Golden Root & Red Lentil Harmony Stew
Prep
15mCook
35mTotal
50m
Ingredients
- 1 tbsp Olive Oil
- 1/2 medium Red Onion
- 2 cloves Garlic
- 1 inch piece Fresh Ginger
- 1/2 inch piece Fresh Turmeric
- 1 medium Carrot
- 1 large Celery Stalk
- 1 small Parsnip
- 1/2 cup Red Lentils
- 1 tbsp Unsalted Tomato Paste
- 1 tsp Ground Cumin
- 1/2 tsp Ground Coriander
- 1/2 tsp Dried Oregano
- 1/4 tsp Sumac
- 1/4 tsp Black Pepper
- 2 cups Unsalted or Very Low Sodium Vegetable Broth
- 2 cups Fresh Spinach or Kale
- 1/2 medium lemon Lemon Juice
- 2 tbsp Fresh Parsley
Instructions
- Heat olive oil in a medium pot or Dutch oven over medium heat. Add diced red onion and sauté for 3-4 minutes until softened.
- Add minced garlic, grated fresh ginger, and grated fresh turmeric (if using) to the pot. Sauté for another 1-2 minutes until fragrant.
- Stir in the diced carrot, celery, and parsnip.
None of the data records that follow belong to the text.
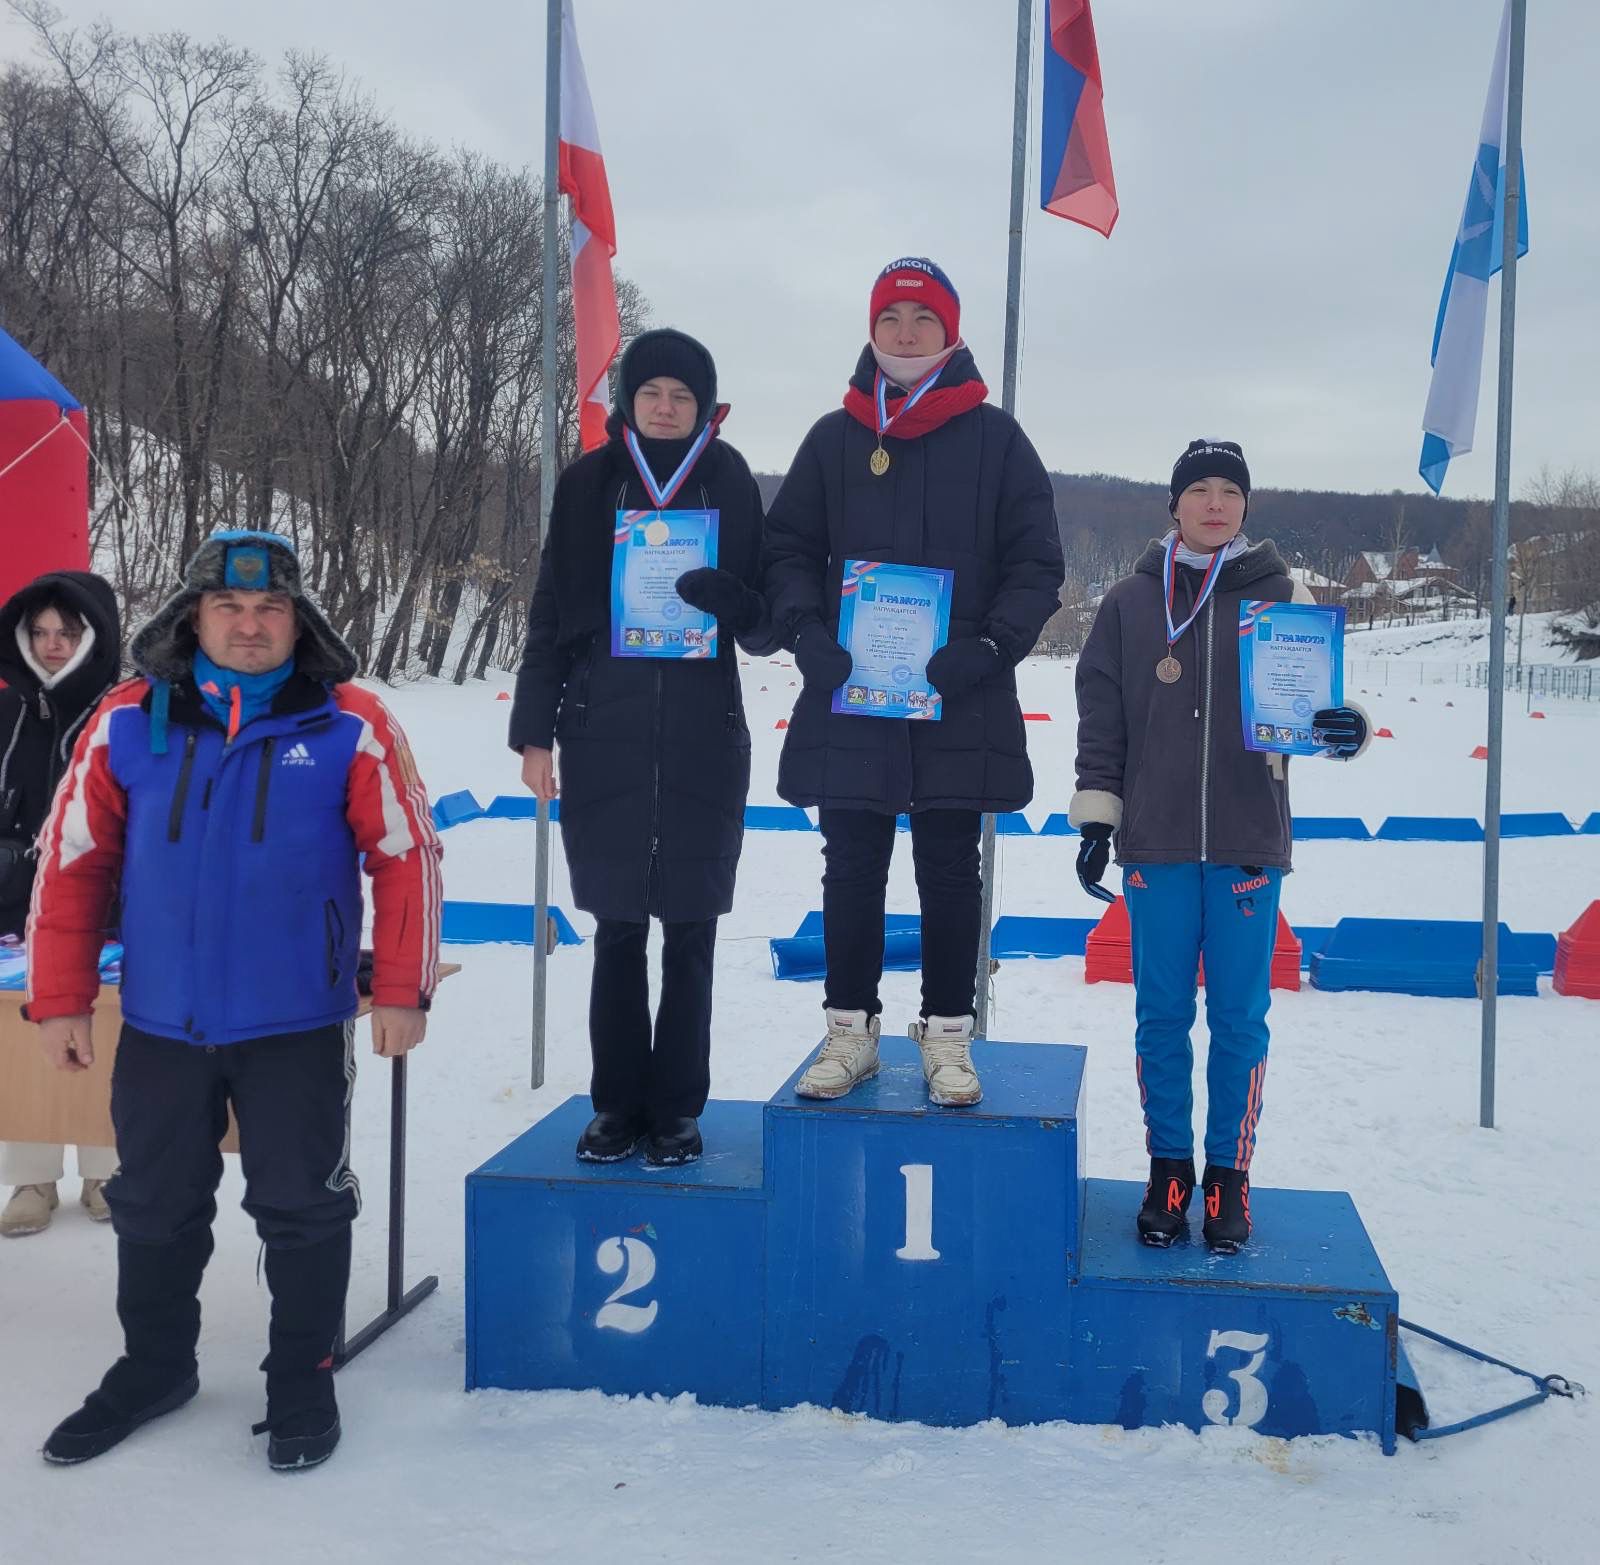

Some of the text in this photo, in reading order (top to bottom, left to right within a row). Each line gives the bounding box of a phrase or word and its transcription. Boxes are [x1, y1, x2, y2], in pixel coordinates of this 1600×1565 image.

[885, 259, 934, 275] LUKOIL
[879, 594, 932, 608] ГРАМОТА
[1274, 633, 1326, 645] ГРАМОТА
[1231, 874, 1271, 894] LUKOIL
[896, 1164, 941, 1261] 1
[595, 1236, 659, 1334] 2
[1202, 1329, 1270, 1428] 3
Cook for 3-4 minutes, allowing the vegetables to slightly soften.
- Add the rinsed red lentils, unsalted tomato paste, ground cumin, ground coriander, dried oregano, sumac, and black pepper. Stir well to coat all ingredients.
- Pour in the unsalted or very low sodium vegetable broth (or water). Bring the stew to a gentle simmer, then reduce heat to low, cover, and cook for 20-25 minutes, or until lentils are tender and vegetables are cooked through. Stir occasionally to prevent sticking.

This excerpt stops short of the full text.